RegEx Series: RegEx Using Sets
This post is going to continue off of what I discussed in this blog post. We are going to be looking at using character sets which is extremely useful for matching patterns you may want to find that are not literal matches.
How to use character sets is by placing the pattern you want in square brackets:
/[<insertPatternHere>]/(optional flags here)
Rather than searching for literal strings, we can place certain characters into the brackets we may want to look for, like for example if I want to match any word that starts with the letter ‘d’ or ‘s’ and has the ending ‘og’.

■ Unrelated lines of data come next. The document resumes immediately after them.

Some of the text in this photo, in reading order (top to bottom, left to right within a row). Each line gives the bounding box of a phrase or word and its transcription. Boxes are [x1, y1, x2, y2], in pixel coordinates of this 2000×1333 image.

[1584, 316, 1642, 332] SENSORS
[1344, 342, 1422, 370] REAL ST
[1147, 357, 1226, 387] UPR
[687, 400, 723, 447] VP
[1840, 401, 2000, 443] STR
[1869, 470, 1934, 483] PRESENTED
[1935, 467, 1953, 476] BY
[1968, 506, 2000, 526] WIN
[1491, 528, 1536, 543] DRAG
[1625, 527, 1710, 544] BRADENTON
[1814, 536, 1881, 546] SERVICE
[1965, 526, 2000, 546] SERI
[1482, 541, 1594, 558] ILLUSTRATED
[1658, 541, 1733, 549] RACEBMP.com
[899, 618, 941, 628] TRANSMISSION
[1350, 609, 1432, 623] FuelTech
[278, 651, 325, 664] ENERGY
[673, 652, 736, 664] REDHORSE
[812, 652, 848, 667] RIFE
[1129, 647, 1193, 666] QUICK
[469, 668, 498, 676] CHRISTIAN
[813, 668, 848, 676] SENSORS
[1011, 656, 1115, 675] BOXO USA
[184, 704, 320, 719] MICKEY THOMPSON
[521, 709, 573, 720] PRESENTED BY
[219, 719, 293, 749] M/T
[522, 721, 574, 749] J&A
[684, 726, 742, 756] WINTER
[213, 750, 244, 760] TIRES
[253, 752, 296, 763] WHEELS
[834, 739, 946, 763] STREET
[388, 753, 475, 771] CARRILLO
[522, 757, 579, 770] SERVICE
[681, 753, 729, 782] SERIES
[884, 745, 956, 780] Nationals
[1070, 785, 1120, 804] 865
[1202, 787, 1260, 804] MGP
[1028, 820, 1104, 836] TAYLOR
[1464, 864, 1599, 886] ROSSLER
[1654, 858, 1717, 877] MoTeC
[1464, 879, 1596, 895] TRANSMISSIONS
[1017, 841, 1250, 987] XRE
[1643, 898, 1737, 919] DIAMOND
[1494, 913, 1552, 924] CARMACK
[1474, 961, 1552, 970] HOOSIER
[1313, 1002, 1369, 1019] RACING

Using Character Sets to Match Characters
As you can see above, (I have the global flag on so that I can show you both cases) the pattern within the character set is saying, ‘look for anything that starts with a “d” or “s” and is followed by “og”. The “og” is outside of the character set so that means it's literal and the character set will determine if that pattern will be found depending on the beginning letter. If my test string instead had ‘tog’, then there would be no match at all.

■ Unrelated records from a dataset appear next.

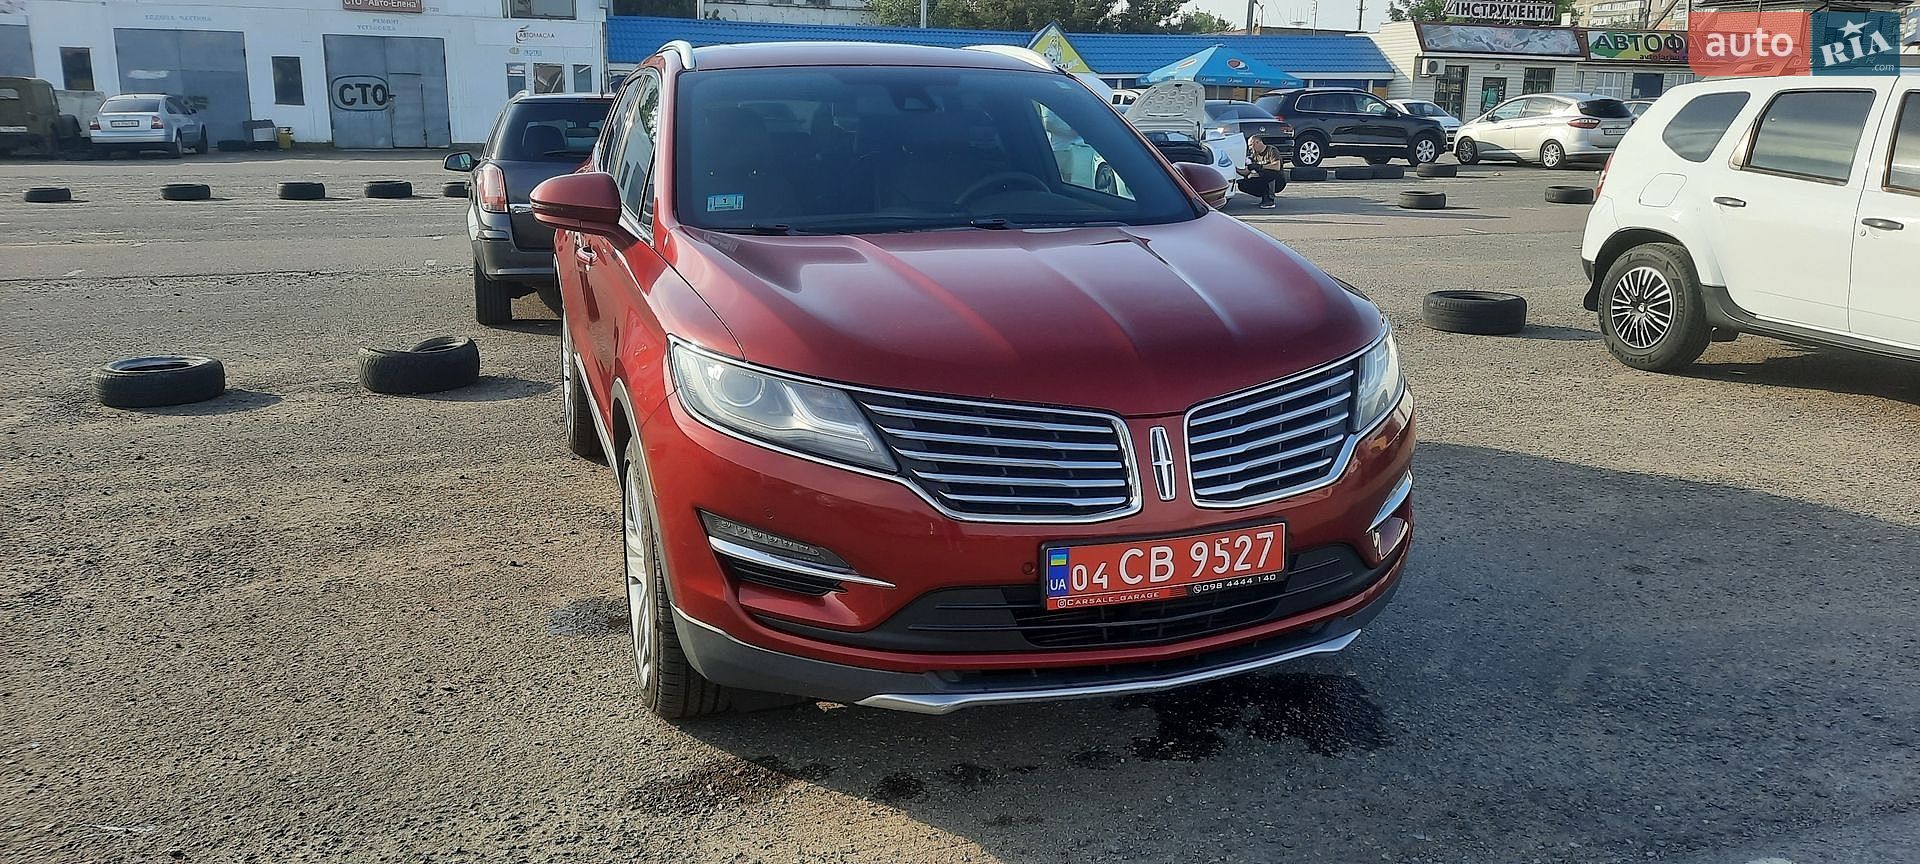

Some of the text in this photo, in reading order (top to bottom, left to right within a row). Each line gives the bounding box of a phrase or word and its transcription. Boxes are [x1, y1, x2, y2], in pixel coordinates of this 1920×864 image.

[1455, 2, 1555, 20] ІНСТРУМЕНТИ
[339, 83, 387, 106] СТО
[1072, 531, 1274, 591] 04 CB 9527
[1050, 578, 1067, 591] UA
[1202, 574, 1277, 592] 098 4444 140

Now you might be asking, “ok great there are all these options for matching characters, but what if I want to create an exclusion match?” In other words, is it possible to match everything except ‘a’?
The answer is YES.
Using Character Sets to Exclude Characters
The way you would do this is by adding a carat symbol inside of the square brackets:
/[^<insertPatternHere>]/(optional flags here)
It matches the ‘dog’ and the ‘sog’ part of the test string but not the ‘aog’ because we have told it to exclude any ‘og’ string that starts with the letter ‘a’.
Using character sets is very useful and can be an easier way to match specific patterns that may not be literal. For example, if you come across an algorithm problem on code wars or leet code asking you to find the number of vowels in a string, this is one clever way you could go about approaching that problem. Hope that was helpful.